— TASK DIRECTIONS —
Leaving the pictures out, transcribe the records below exactly.

*** Block opens ***

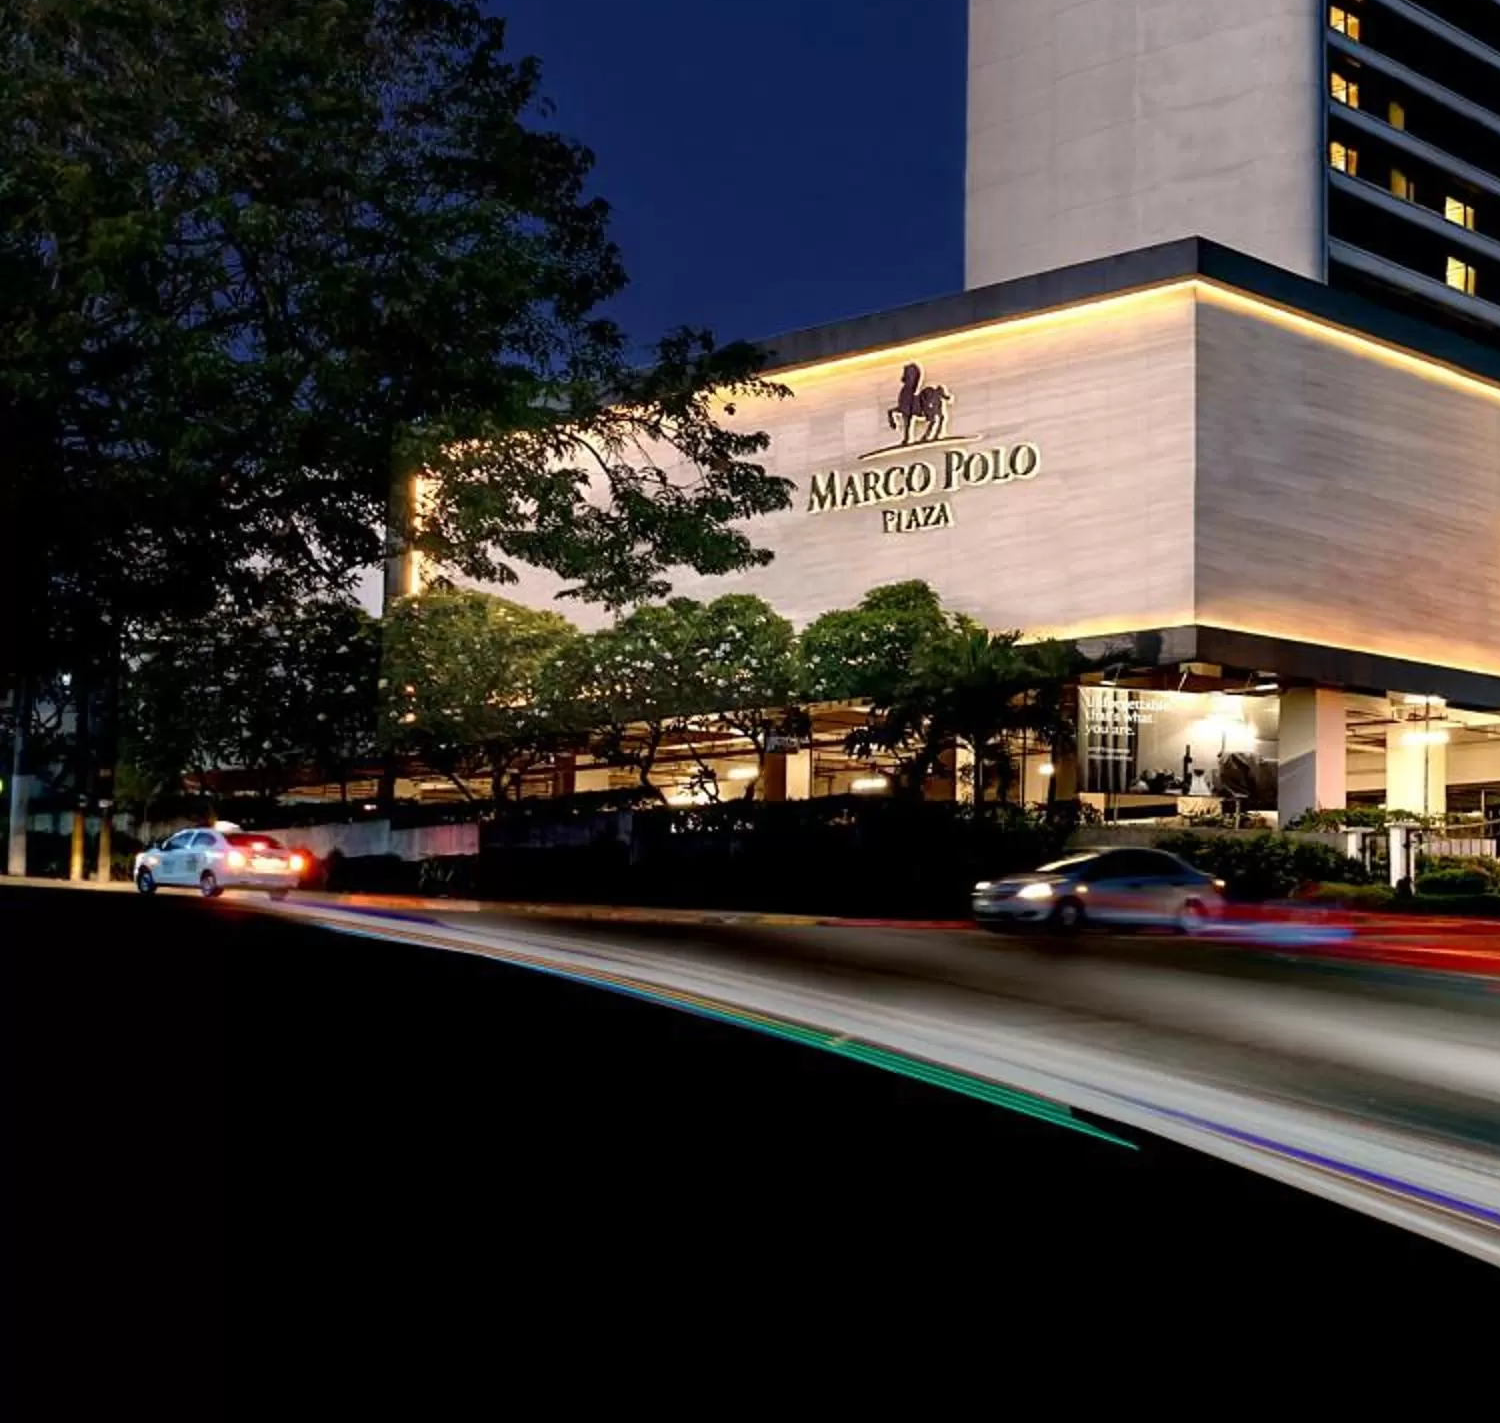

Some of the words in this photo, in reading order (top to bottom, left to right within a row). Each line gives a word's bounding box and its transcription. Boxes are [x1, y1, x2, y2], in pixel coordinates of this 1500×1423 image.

[807, 461, 934, 514] MARCO
[942, 442, 1040, 492] POLO
[881, 502, 954, 534] PLAZA
[1084, 723, 1109, 736] you
[1111, 724, 1136, 736] are.
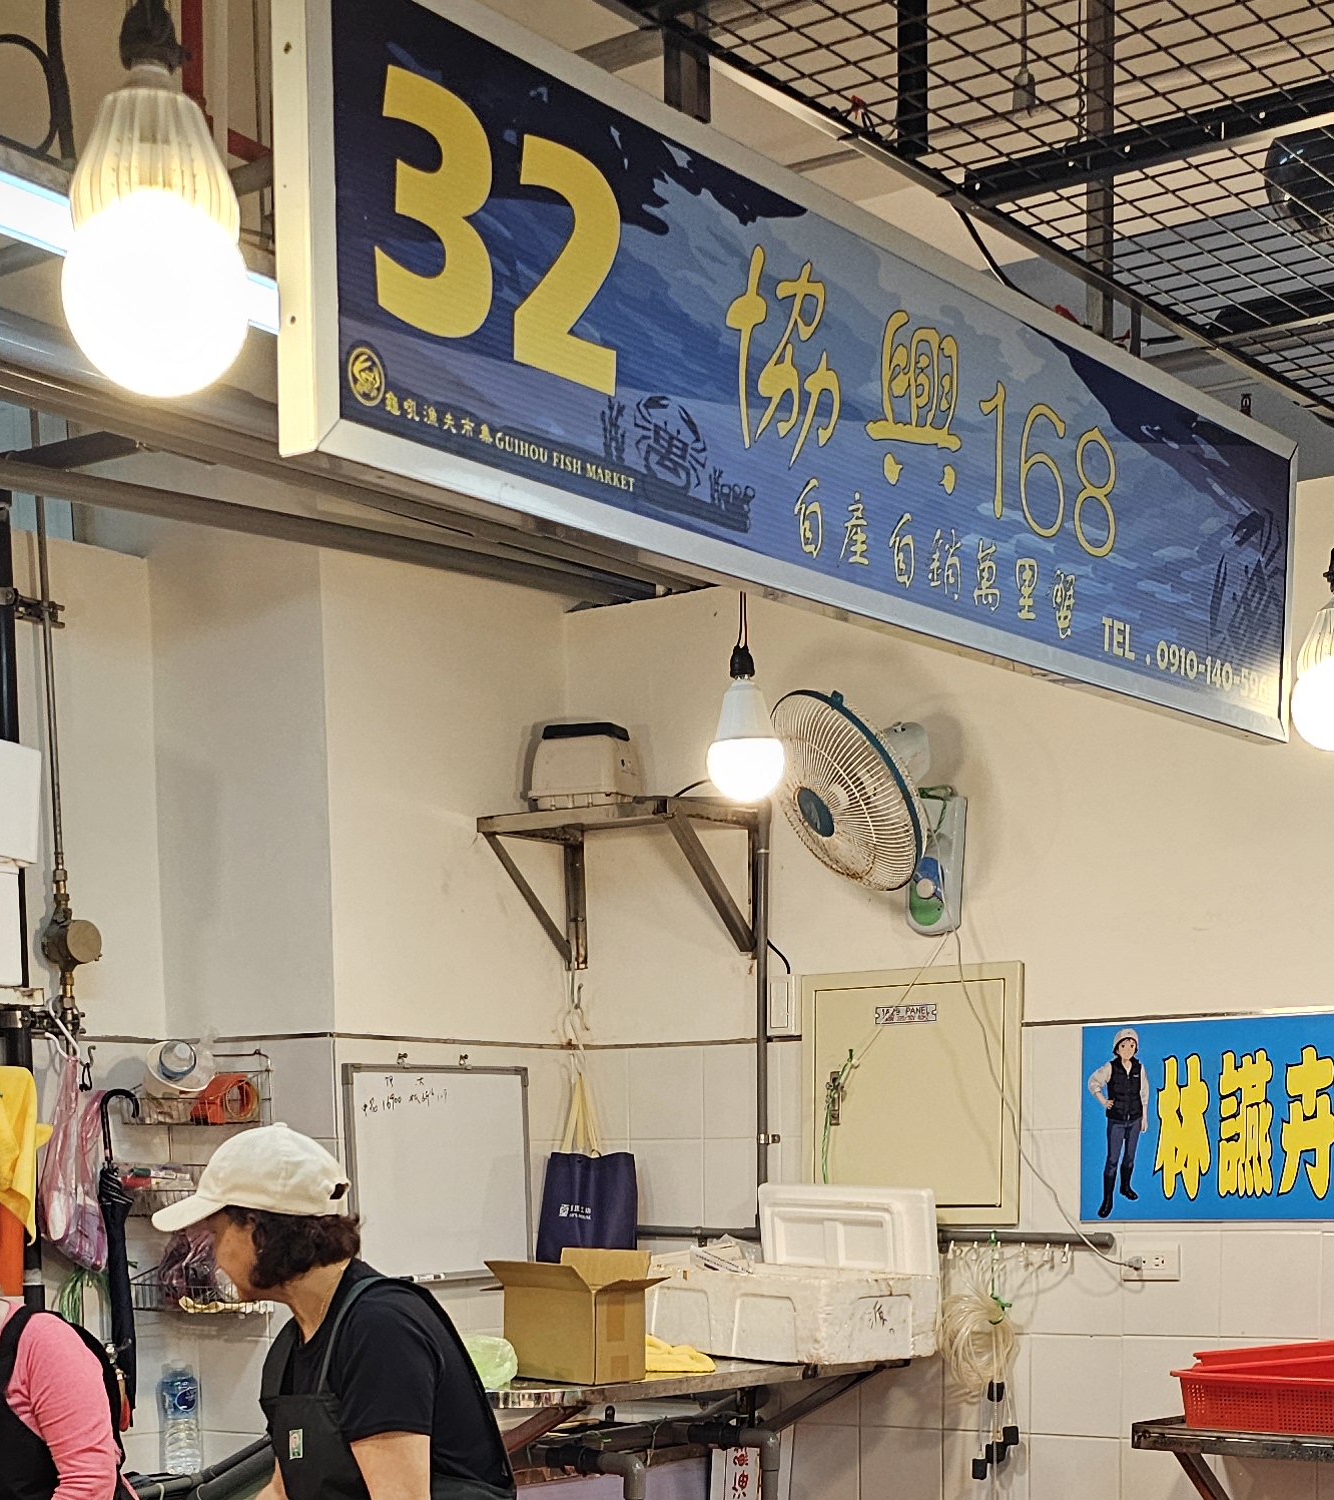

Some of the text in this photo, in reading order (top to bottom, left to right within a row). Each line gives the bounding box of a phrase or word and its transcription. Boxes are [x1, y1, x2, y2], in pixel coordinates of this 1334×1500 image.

*** Block closes ***

— EXPECTED ANSWER —
Some of the words in this photo, in reading order (top to bottom, left to right within a row). Each line gives a word's bounding box and its transcription. Boxes are [x1, y1, x2, y2], in pixel coordinates of this 1500×1423 image.

[807, 461, 934, 514] MARCO
[942, 442, 1040, 492] POLO
[881, 502, 954, 534] PLAZA
[1084, 723, 1109, 736] you
[1111, 724, 1136, 736] are.

Some of the text in this photo, in reading order (top to bottom, left to right within a row). Each line gives the bounding box of a phrase or word and its transcription. Boxes are [x1, y1, x2, y2], in pixel coordinates of this 1334×1500 image.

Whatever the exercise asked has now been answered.